狂愛的ロマンス〜孤高の若頭の狂気めいた執着愛〜
「父の古くからの友人の息子さんなんですけれど。もうすぐ元外務大臣を務めていらっしゃったお父様の地盤を引き継いで、次の選挙に出馬するんですってーー」
薫の話によると。その相手は大物代議士のご子息で、父親の跡を継ぐために若い頃から勉強や仕事に忙殺され女性と交際する暇もなかったとかで、もうすぐ四十歳を迎えるに当たり、結婚相手を探していたらしい。

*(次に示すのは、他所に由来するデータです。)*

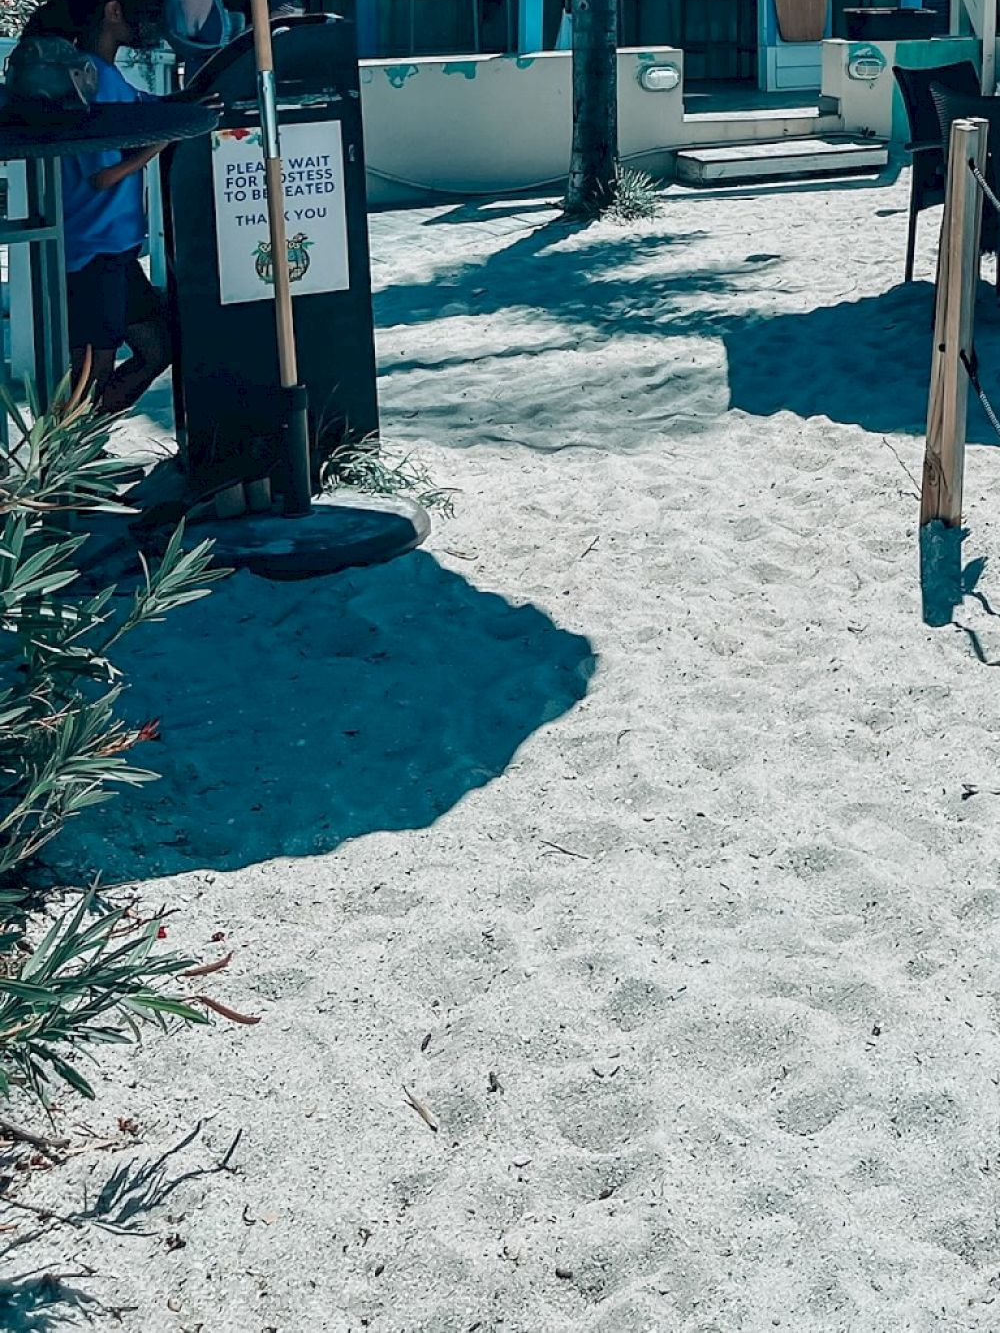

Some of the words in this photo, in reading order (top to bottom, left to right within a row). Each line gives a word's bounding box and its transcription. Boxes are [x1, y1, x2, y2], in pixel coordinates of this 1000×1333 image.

[226, 160, 284, 176] PLEA
[288, 155, 331, 170] WAIT
[224, 190, 247, 203] TO
[284, 181, 335, 197] EATED
[226, 176, 257, 189] FOR
[235, 210, 290, 227] THAK
[294, 207, 327, 220] YOU

つい先日、薫がたまたま所用で実家に帰省した折に父の友人と居合わせ、その際に美桜の話題が出たらしく。家元のお嬢さんなら間違いないと、トントン拍子に話が纏まったということだった。
薫曰く、将来有望な代議士の元に嫁げば、経済的にも安定しているし、なにより、この長い歴史を誇る華道の流派である清風も安泰。
家にとっても、美桜にとっても、これほどの良縁はないのだという。
ーー四十歳……って、そんなおじさんと。
薫の話を耳にしての美桜の第一印象は、そんなものだった。
ついさっきまで父の反応に少なからずショックを受けていた美桜だったが、そんな感情など一気に冷めていく。
今度は違った意味で大きな衝撃を受けてしまっている。
幼い頃から、この家をもり立てていくための駒として育てられてきたとはいえ、まさか二回り近くも年の離れた相手の元に嫁がされるとは夢にも思わなかったからだ。